There is a nominal cost associated with the above-referenced tendering process and the act of certificating the shares or delivering them through the DWAC System. The transfer agent will typically charge the tendering broker $80.00 and it would be up to the broker whether or not to pass this cost on to the redeeming holder. However, this fee would be incurred regardless of whether or not we require holders seeking to exercise redemption rights to tender their shares. The need to deliver shares is a requirement of exercising redemption rights regardless of the timing of when such delivery must be effectuated.

The foregoing is different from the procedures used by many blank check companies. In order to perfect redemption rights in connection with their business combinations, many blank check companies would distribute proxy materials for the stockholders’ vote on an initial business combination, and a holder could simply vote against a proposed initial business combination and check a box on the proxy card indicating such holder was seeking to exercise his or her redemption rights. After the initial business combination was approved, the company would contact such stockholder to arrange for him or her to deliver his or her certificate to verify ownership. As a result, the stockholder then had an “option window” after the completion of the initial business combination during which he or she could monitor the price of the company’s stock in the market. If the price rose above the redemption price, he or she could sell his or her shares in the open market before actually delivering his or her shares to the company for cancellation. As a result, the redemption rights, to which stockholders were aware they needed to commit before the stockholder meeting, would become “option” rights surviving past the completion of the initial business combination until the redeeming holder delivered its certificate. The requirement for physical or electronic delivery prior to the meeting ensures that a redeeming holder’s election to redeem is irrevocable once the initial business combination is approved.

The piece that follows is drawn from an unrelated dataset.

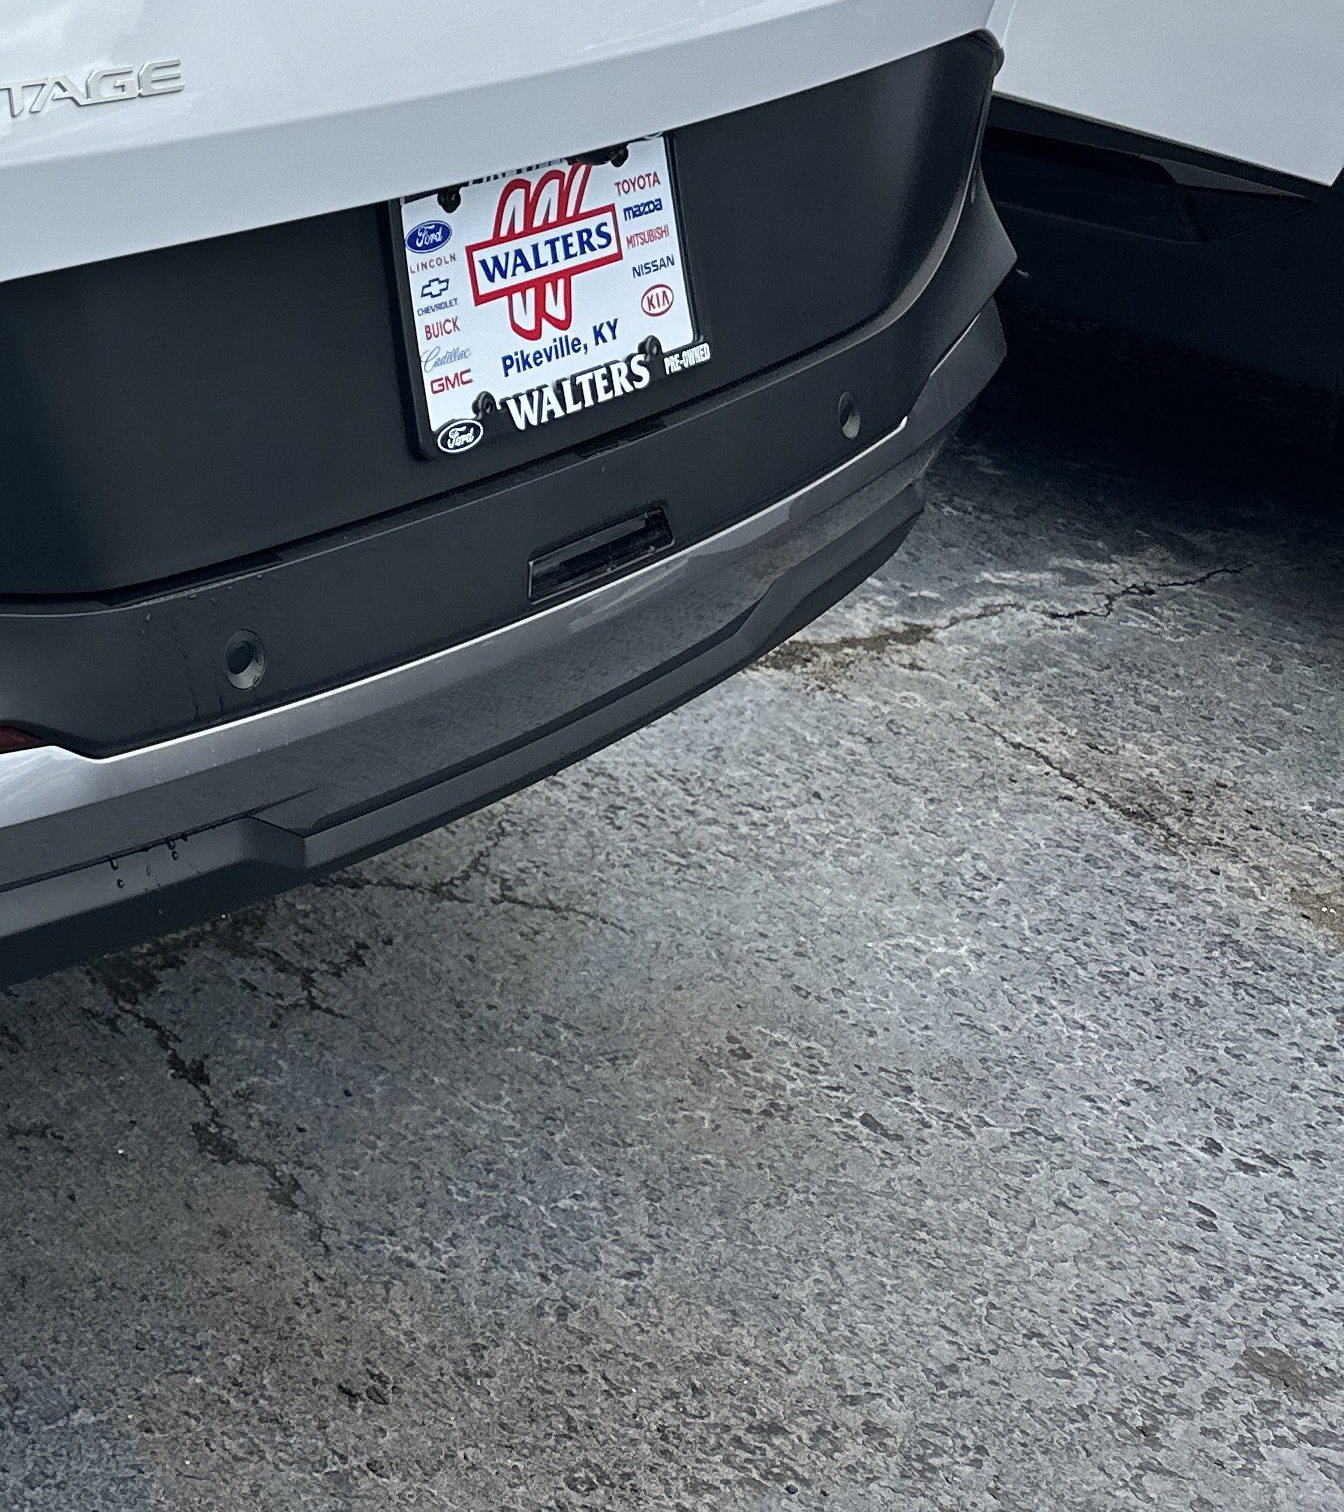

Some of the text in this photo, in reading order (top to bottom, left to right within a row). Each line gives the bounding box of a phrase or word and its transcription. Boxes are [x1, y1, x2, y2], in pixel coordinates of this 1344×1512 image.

Any request to redeem such shares, once made, may be withdrawn at any time up to the date set forth in the proxy materials. Furthermore, if a holder of a public share delivered its certificate in connection with an election of redemption rights and subsequently decides prior to the applicable date not to elect to exercise such rights, such holder may simply request that the transfer agent return the certificate (physically or electronically). It is anticipated that the funds to be distributed to holders of our public shares electing to redeem their shares will be distributed promptly after the completion of our initial business combination.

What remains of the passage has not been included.